[ENTRIES PROVIDED — start]

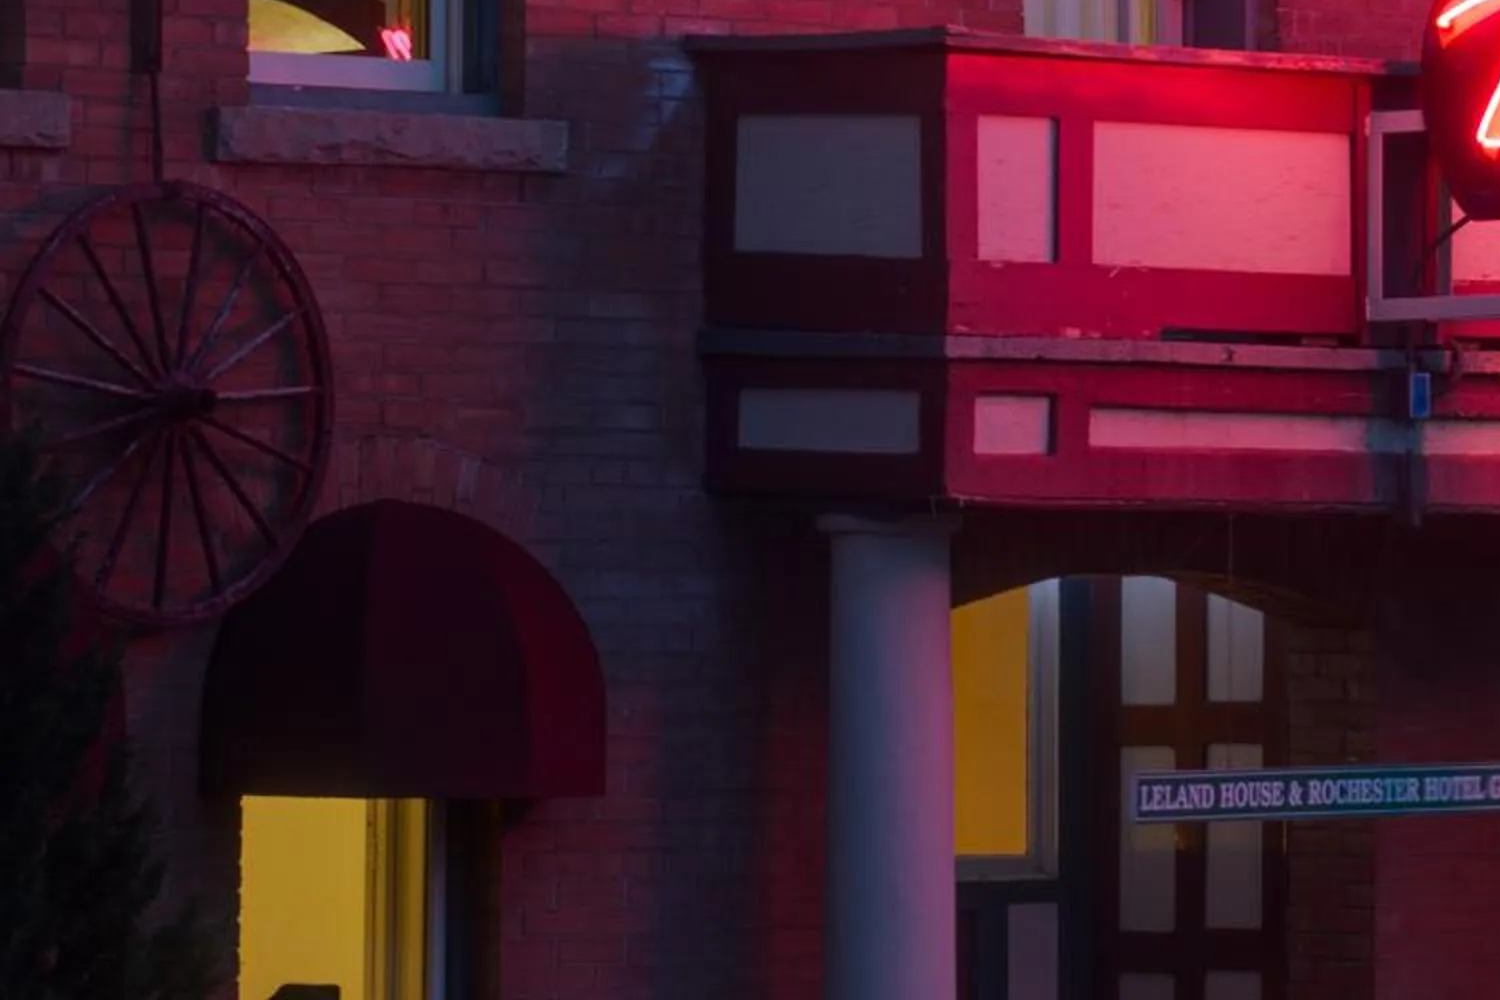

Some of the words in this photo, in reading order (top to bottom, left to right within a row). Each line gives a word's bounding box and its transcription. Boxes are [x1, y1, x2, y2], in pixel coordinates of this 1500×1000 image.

[1140, 784, 1215, 811] LELAND
[1220, 781, 1284, 808] HOUSE
[1288, 780, 1303, 806] &
[1308, 777, 1419, 805] ROCHESTER
[1423, 775, 1485, 802] HOTEL

[ENTRIES PROVIDED — finish]

Each record is to be written out exactly. No picture goes in.

Some of the words in this photo, in reading order (top to bottom, left to right within a row). Each line gives a word's bounding box and its transcription. Boxes are [x1, y1, x2, y2], in pixel coordinates of this 1500×1000 image.

[1140, 784, 1215, 811] LELAND
[1220, 781, 1284, 808] HOUSE
[1288, 780, 1303, 806] &
[1308, 777, 1419, 805] ROCHESTER
[1423, 775, 1485, 802] HOTEL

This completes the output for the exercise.